Collected data

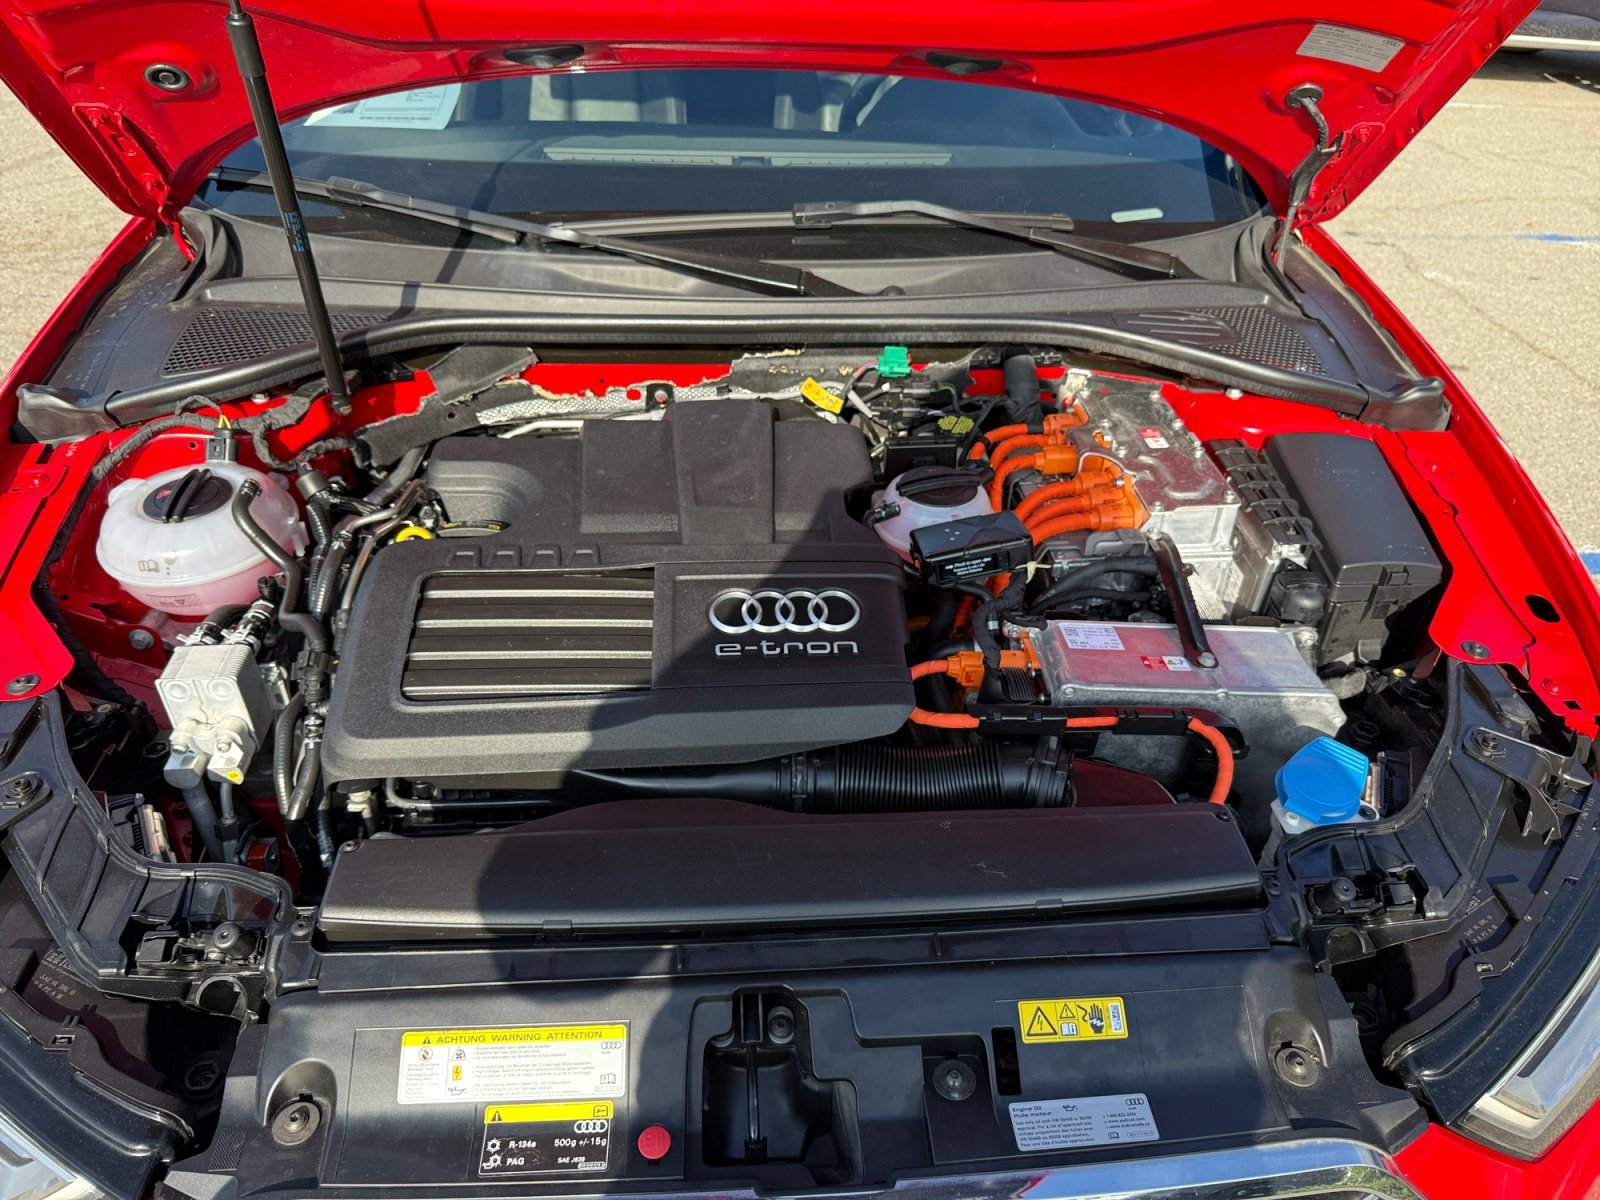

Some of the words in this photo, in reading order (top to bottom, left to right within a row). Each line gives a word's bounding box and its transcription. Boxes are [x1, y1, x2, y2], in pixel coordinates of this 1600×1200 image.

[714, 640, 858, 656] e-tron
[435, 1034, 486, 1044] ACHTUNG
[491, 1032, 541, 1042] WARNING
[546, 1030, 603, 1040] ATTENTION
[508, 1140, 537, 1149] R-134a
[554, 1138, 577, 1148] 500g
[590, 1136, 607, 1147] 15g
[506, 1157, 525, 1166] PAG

▶ [ASSIGNED TASK] Nothing but the records, repeated exactly and stripped of pictures, should appear in the answer.

▶ [TASK RESULT]
Some of the words in this photo, in reading order (top to bottom, left to right within a row). Each line gives a word's bounding box and its transcription. Boxes are [x1, y1, x2, y2], in pixel coordinates of this 1600×1200 image.

[714, 640, 858, 656] e-tron
[435, 1034, 486, 1044] ACHTUNG
[491, 1032, 541, 1042] WARNING
[546, 1030, 603, 1040] ATTENTION
[508, 1140, 537, 1149] R-134a
[554, 1138, 577, 1148] 500g
[590, 1136, 607, 1147] 15g
[506, 1157, 525, 1166] PAG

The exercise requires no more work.